On the Use of PDB X-Ray Crystal Structures as Force Field Target and Validation Data for Pyranose Ring Puckering

Abstract

The carbon and oxygen atoms of tetrahydropyran form the common substructure of pyranose monosaccharides in vertebrate glycans. This substructure can assume various ring puckering chair and skew-boat conformations, and can thereby impact glycan conformations relevant for biomolecular structure and signaling. The Protein Data Bank (PDB) provides a wealth of experimental glycan structural biology data that can be useful in the development and validation of molecular mechanics force fields for these molecules.

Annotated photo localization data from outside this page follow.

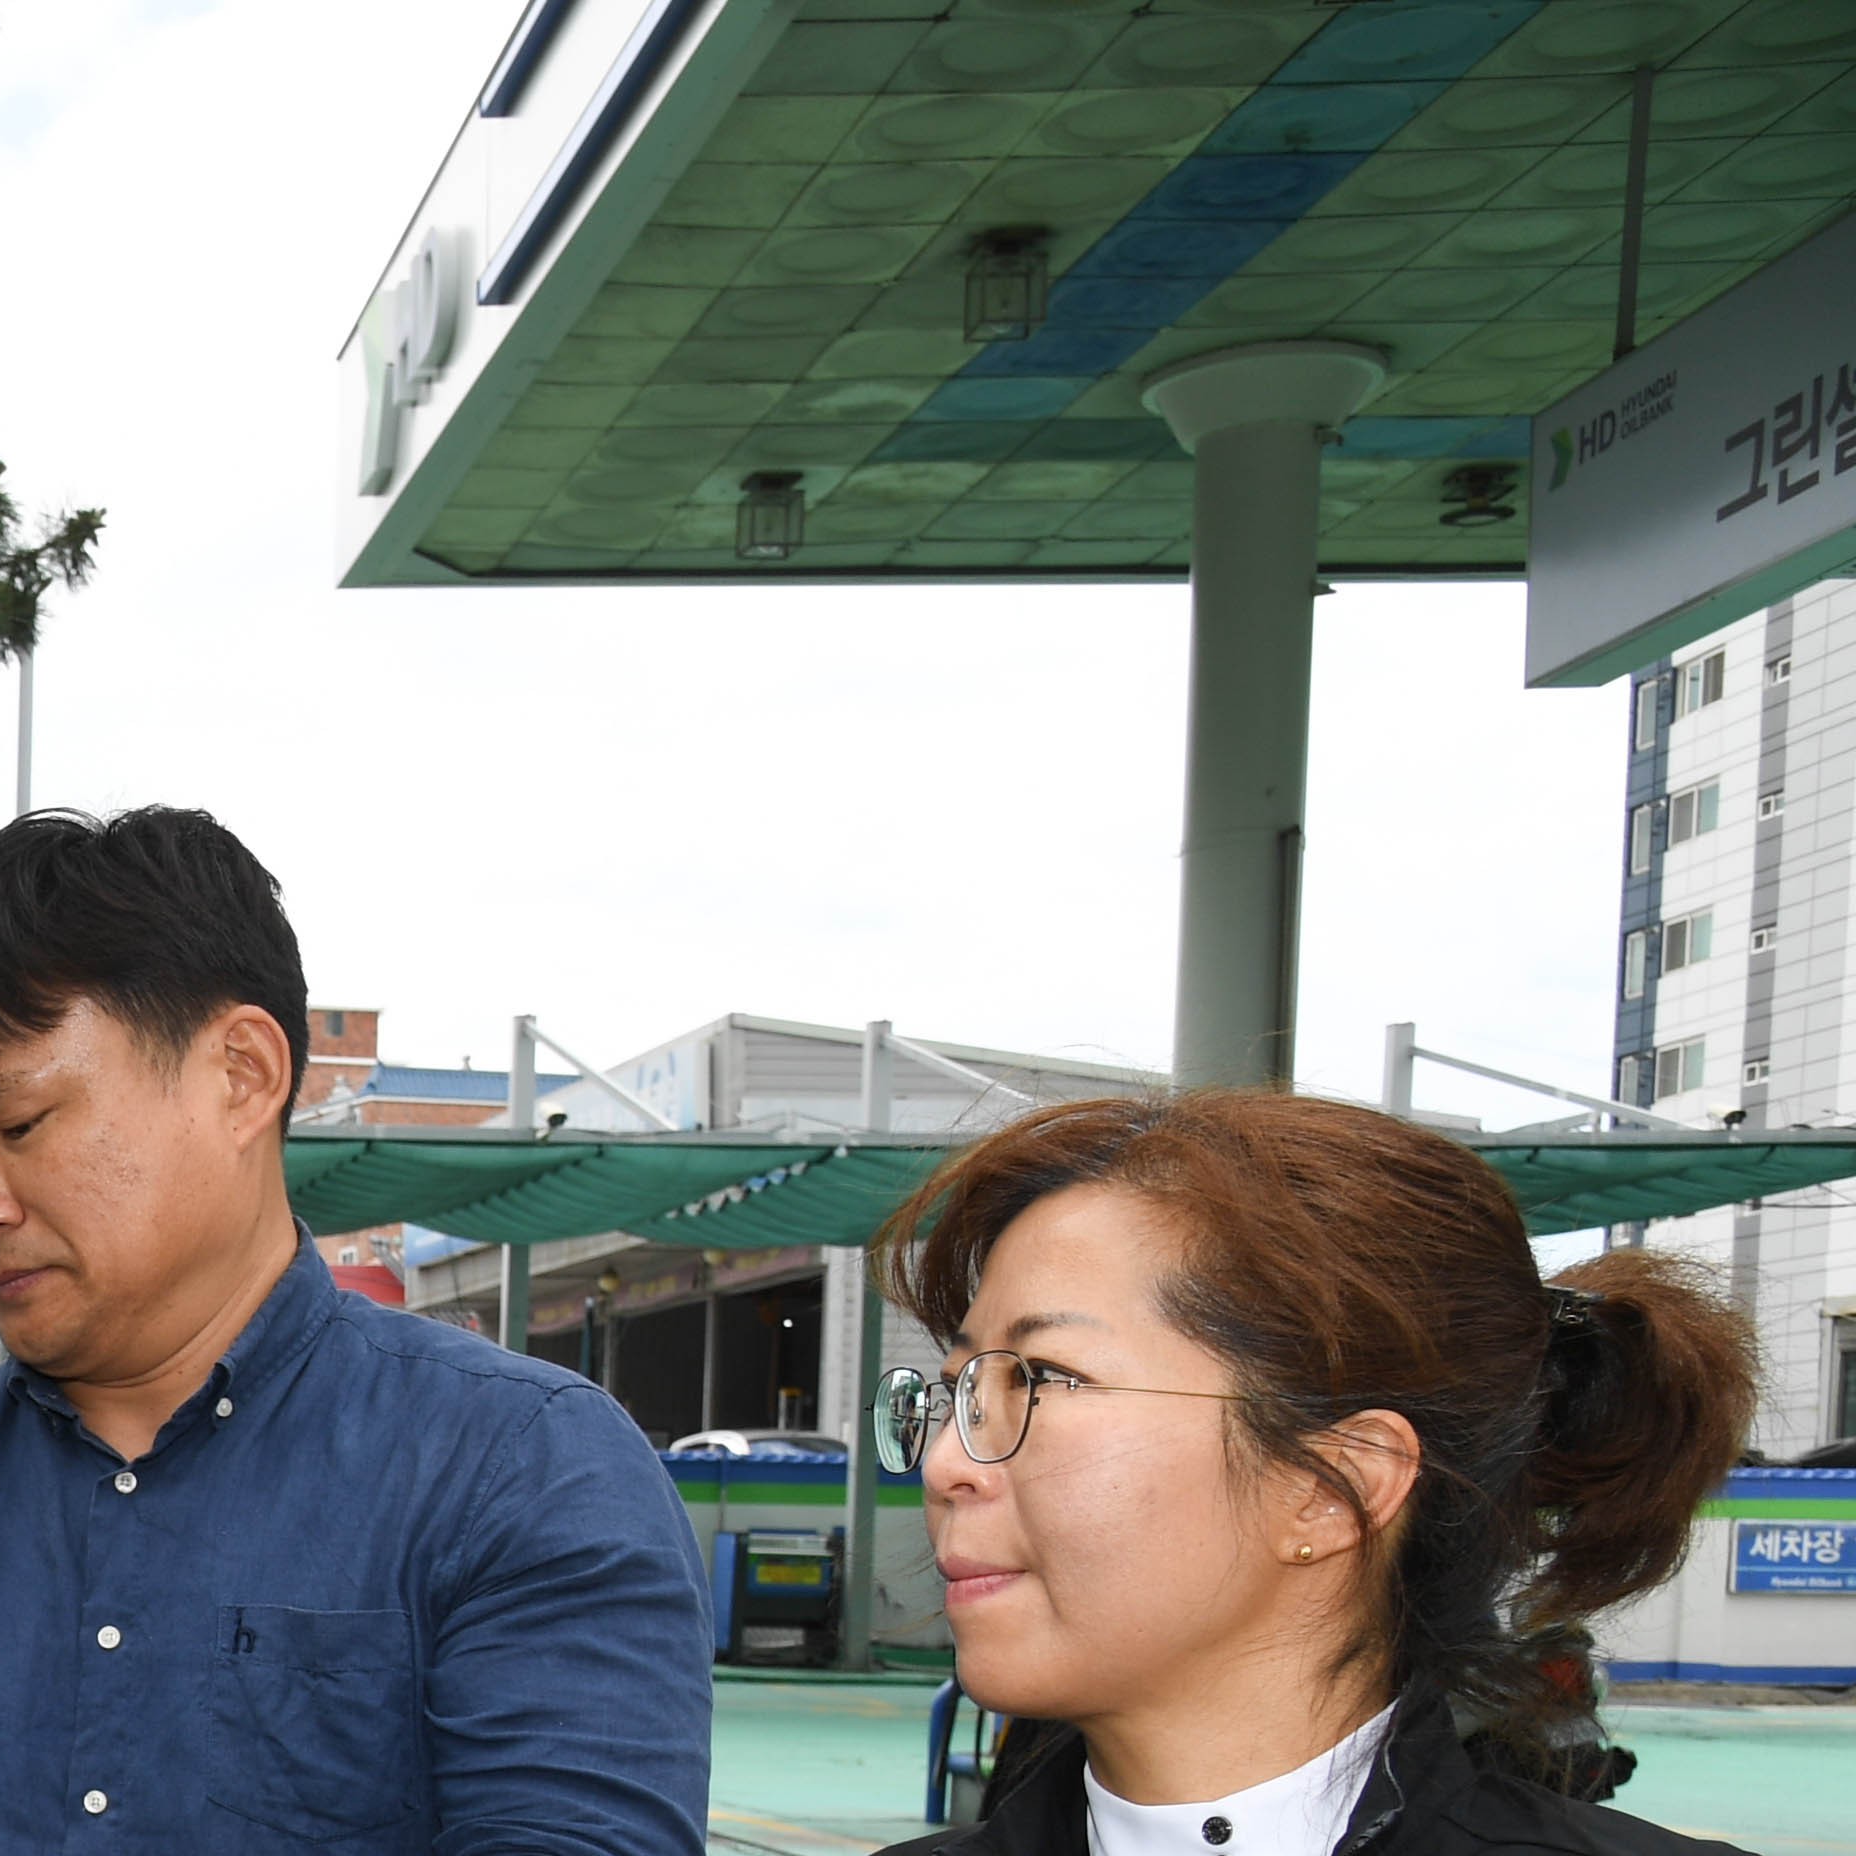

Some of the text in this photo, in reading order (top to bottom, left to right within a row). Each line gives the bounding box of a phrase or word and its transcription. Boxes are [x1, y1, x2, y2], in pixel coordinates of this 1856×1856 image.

[1621, 369, 1677, 418] HYUNDAI
[1578, 409, 1616, 465] HD
[1749, 1528, 1845, 1564] 세차장
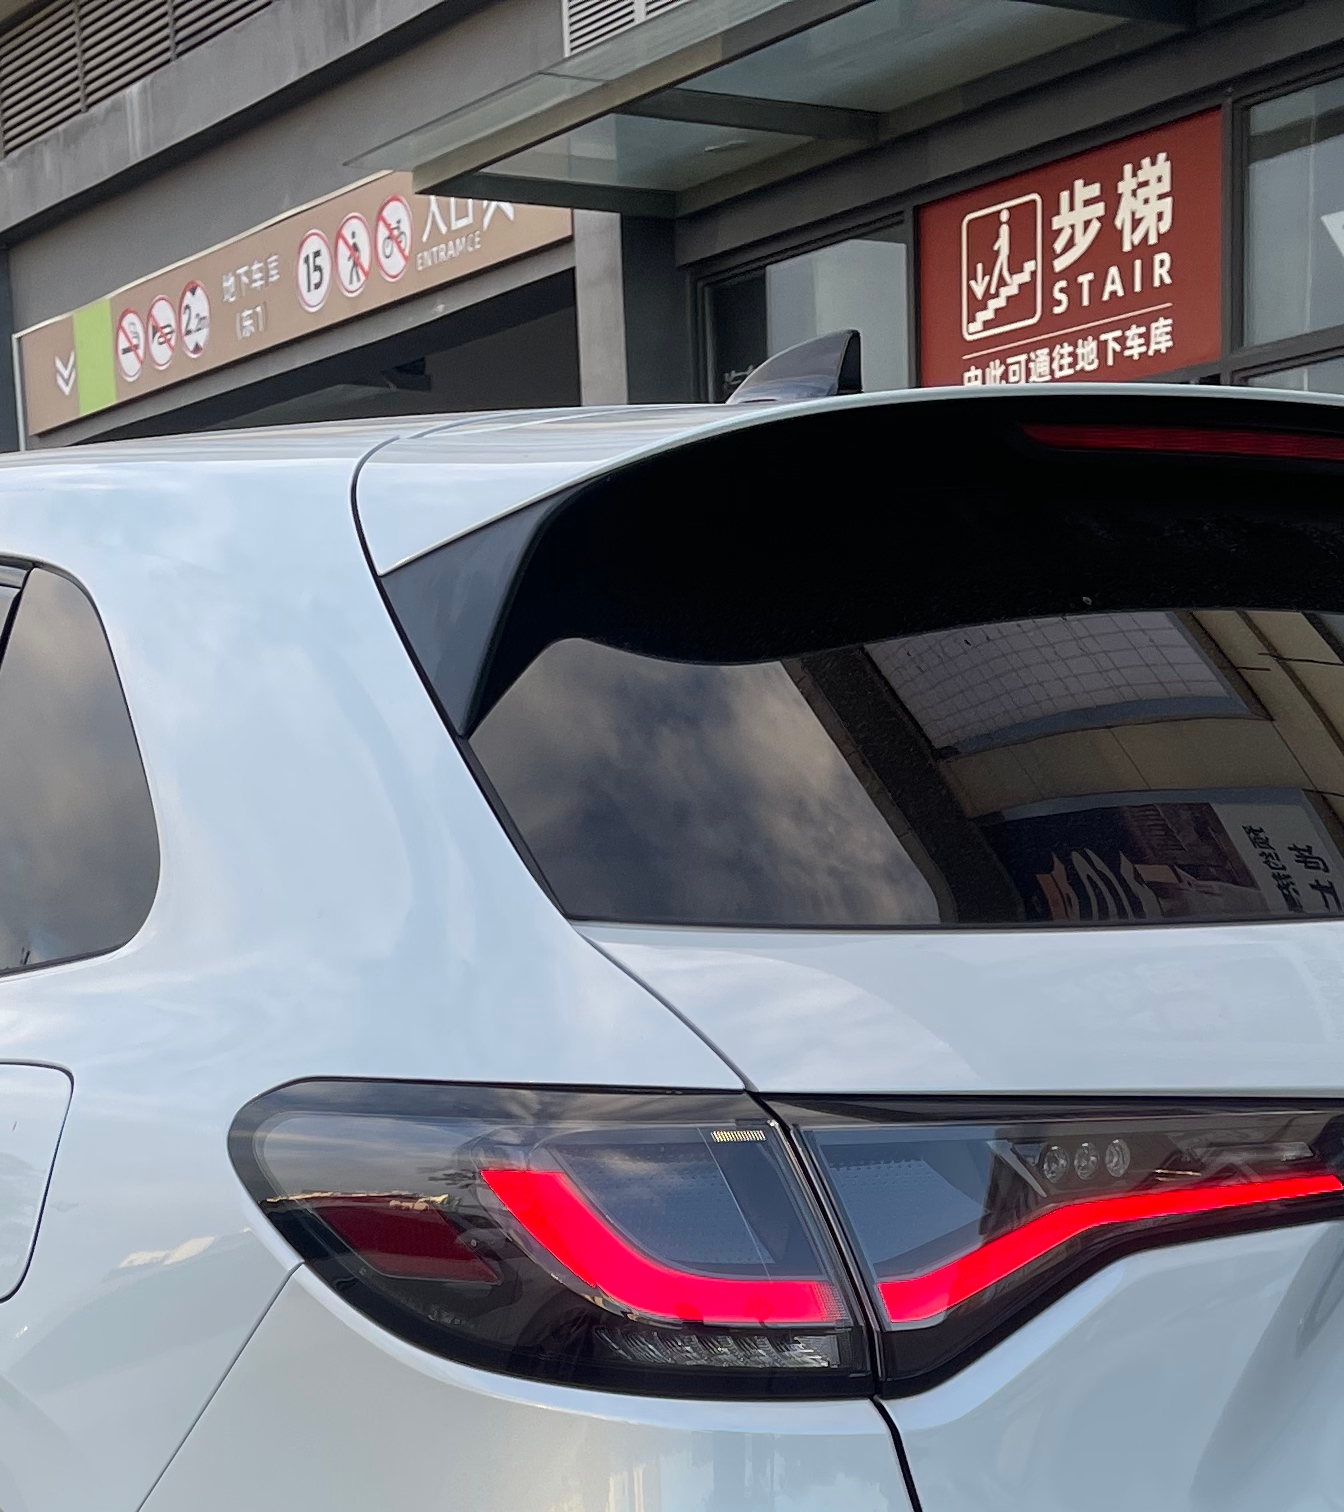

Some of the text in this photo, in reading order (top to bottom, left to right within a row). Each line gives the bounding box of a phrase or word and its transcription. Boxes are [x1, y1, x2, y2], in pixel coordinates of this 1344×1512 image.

[1051, 151, 1173, 272] 步梯
[303, 249, 324, 293] 15
[416, 230, 482, 271] ENTRANCE
[1052, 252, 1173, 314] STAIR
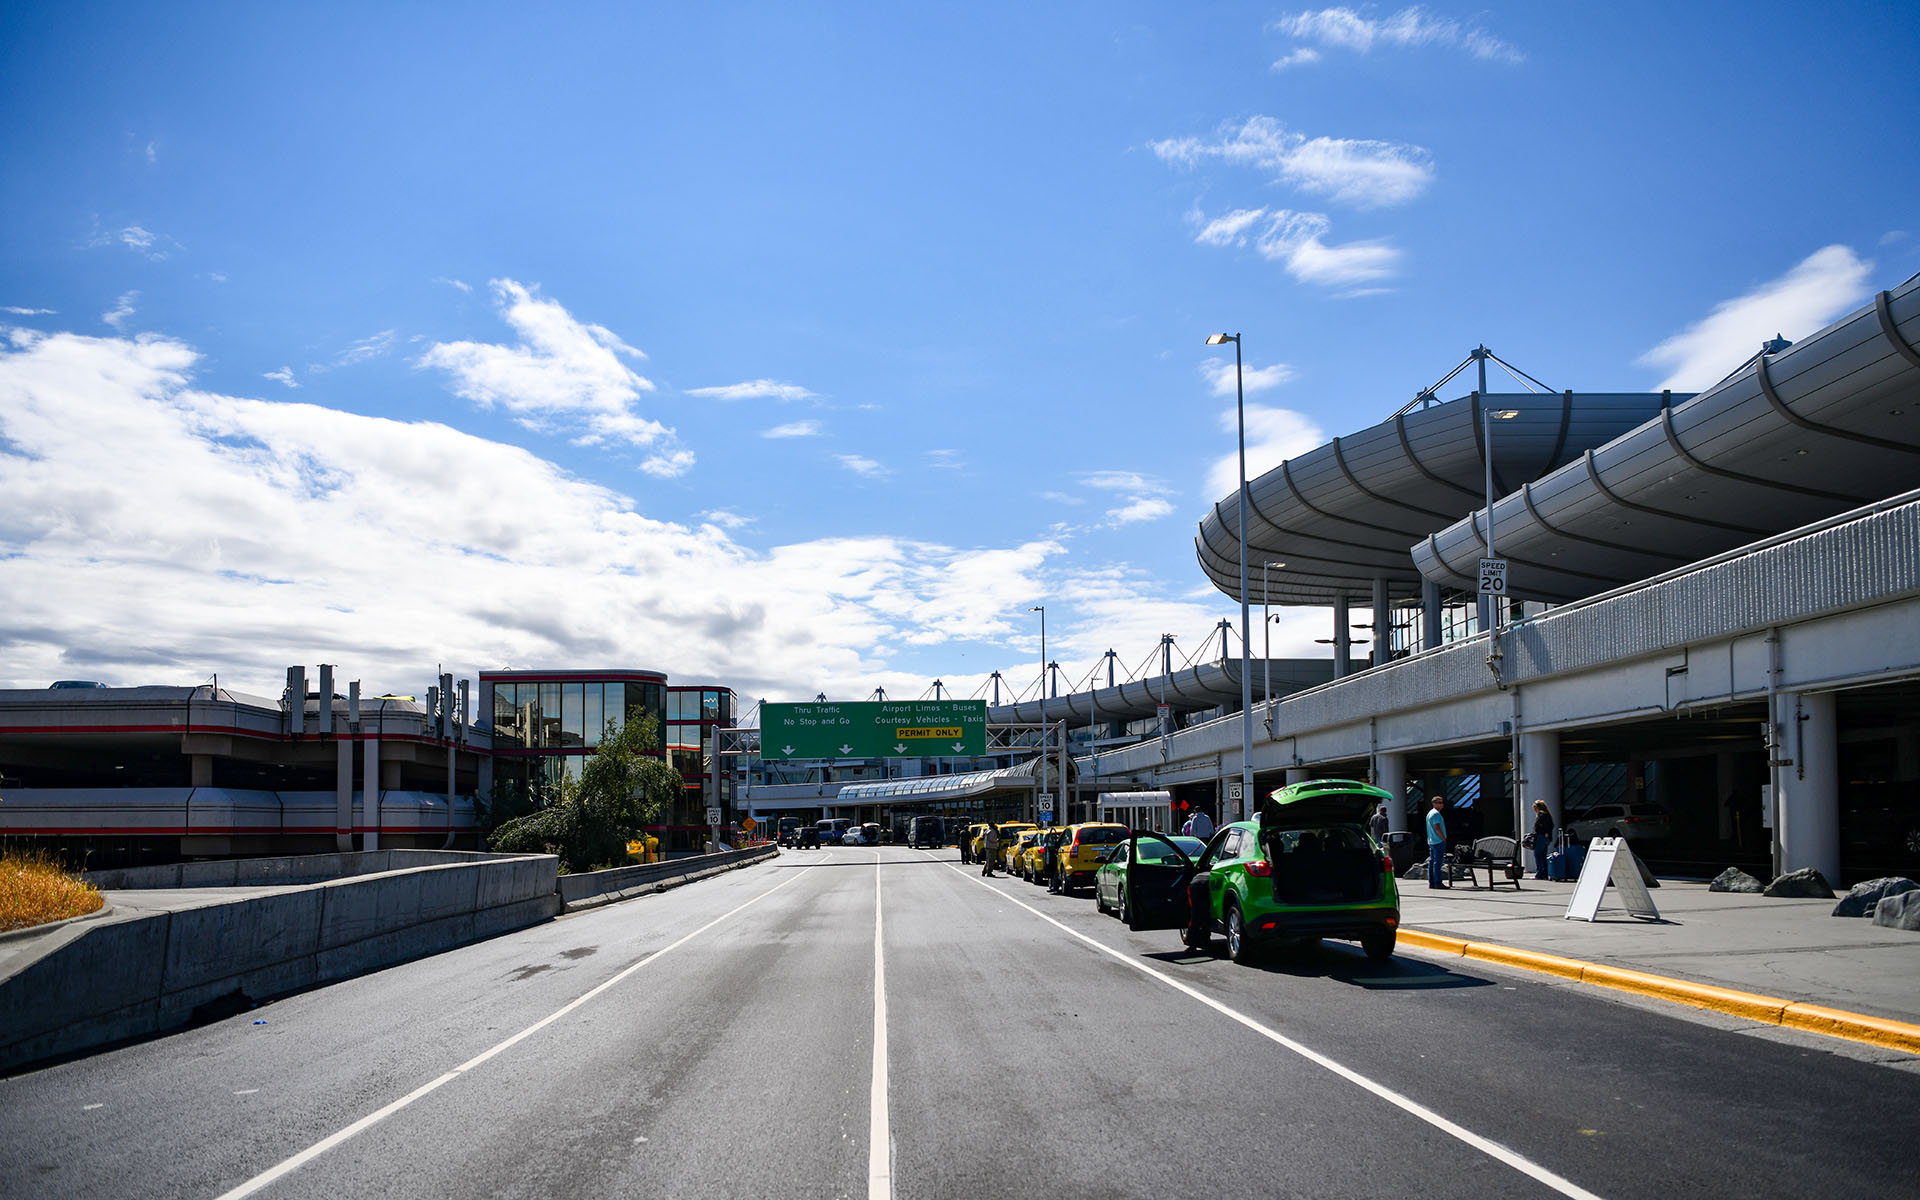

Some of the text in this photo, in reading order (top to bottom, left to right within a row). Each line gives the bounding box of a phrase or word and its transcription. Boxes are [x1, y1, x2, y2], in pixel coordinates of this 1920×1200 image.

[1481, 577, 1503, 590] 20
[794, 706, 811, 714] Thru
[882, 705, 911, 714] Airport
[800, 718, 816, 726] Stop
[875, 716, 910, 725] Courtesy
[899, 728, 960, 737] PERMIT ONLY

However, these experimental data are typically from solvent-depleted crystalline environments at very low temperatures, in contrast to biological conditions that are aqueous and near ambient temperature, which is the regime targeted by biomolecular force fields. To determine if these PDB X-ray crystal data can be of utility as references for carbohydrate force fields, we compared ring puckering conformations from these experimental data to both vacuum and explicit aqueous solvent puckering free energy data from extended-system adaptive biasing force (eABF) molecular dynamics simulations using the previously validated CHARMM36 force field. We found that, for monosaccharides that are not charged (glucose, N-acetylglucosamine, galactose, N-acetylgalactosamine, mannose, xylose, and fucose), both the vacuum and aqueous simulation puckering preferences strongly correlate with PDB data, and therefore with each other. In contrast, all charged monosaccharides that were considered (the conjugate bases of N-acetylneuraminic acid, glucuronic acid, and iduronic acid) had puckering preferences correlating with PDB data only in aqueous simulations and not in vacuum simulations. These results suggest that comparing puckering preferences from aqueous simulations to PDB X-ray crystal puckering conformation data can be a valid and useful component of carbohydrate force field development and validation.